ランクZであるロゼの顔、名前を知った女性の身を案じてのことだ。
そして、ロゼ自身や周りの人たち、母親代わりのディーナに余計な迷惑をかけないがための仕方がない措置であり、何より始焉の翼の正体が漏れないための行為であるのだ。
仕事柄、世界最強のランクZ『始焉の翼』に恨みを持つ者も少なくない。
ロゼの正体がランクZ『始焉の翼』であることを知っているのは、ギルドマスターのディーナと楽園の規律のトップ五人『五皇』だけだ。
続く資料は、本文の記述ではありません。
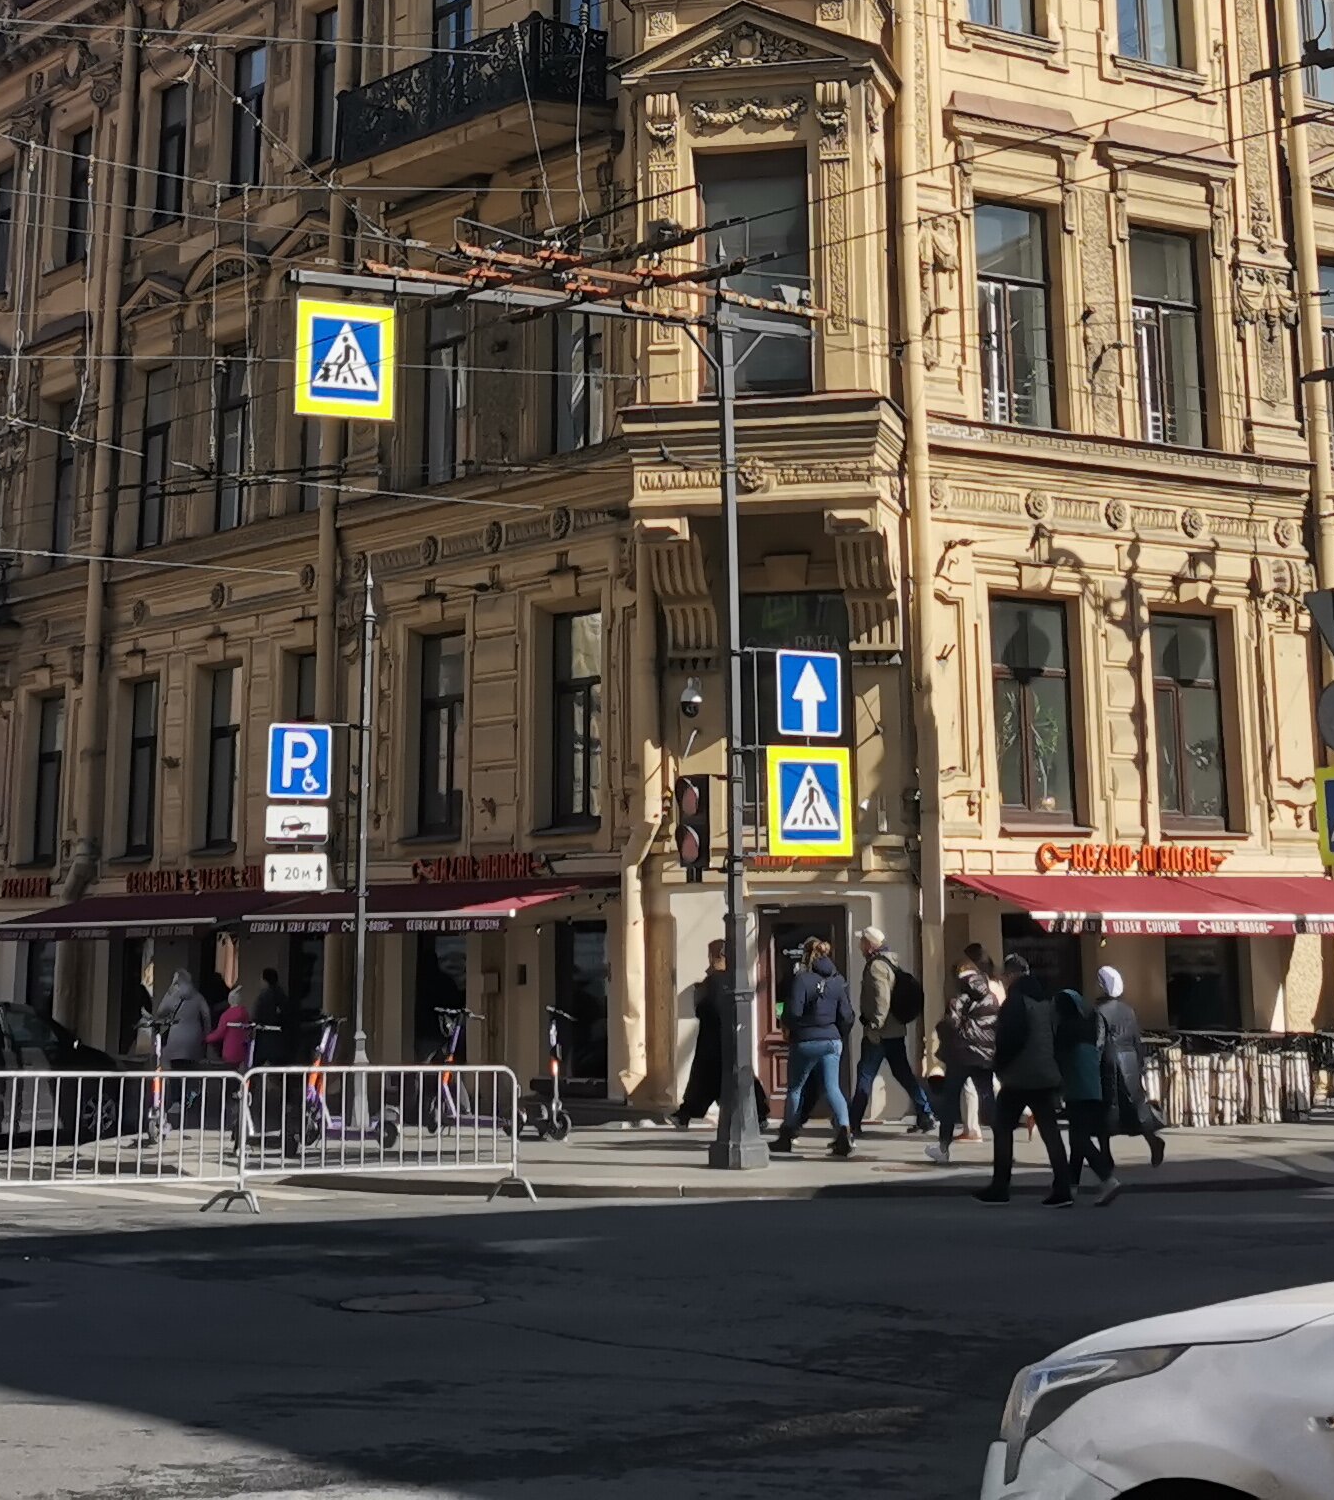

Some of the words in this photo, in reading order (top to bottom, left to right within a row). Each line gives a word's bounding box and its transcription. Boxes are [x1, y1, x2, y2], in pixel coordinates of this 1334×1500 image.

「さて、入国手続きも済んだことだし、早く総本部に行かないとね。
転移するから私に掴まって、ロゼ」
「わざわざ掴まんなくても、俺だって転移ぐらいできるよ? 母さん」
「んもぅ! こういう時ぐらい母親面させてちょうだいよ!」
ぷく~と頬を膨らませるディーナを可愛いな、などと思いつつ、ロゼは素直に頷いた。
「あ、そうそう。本部に着いたらあなたに重要な話があるからね。いい?」
「? わかった」
ディーナはロゼの返事に笑顔を見せると、
「転移!」
と唱えた。
声の残響を残し、二人の姿はその場から忽然と消えた。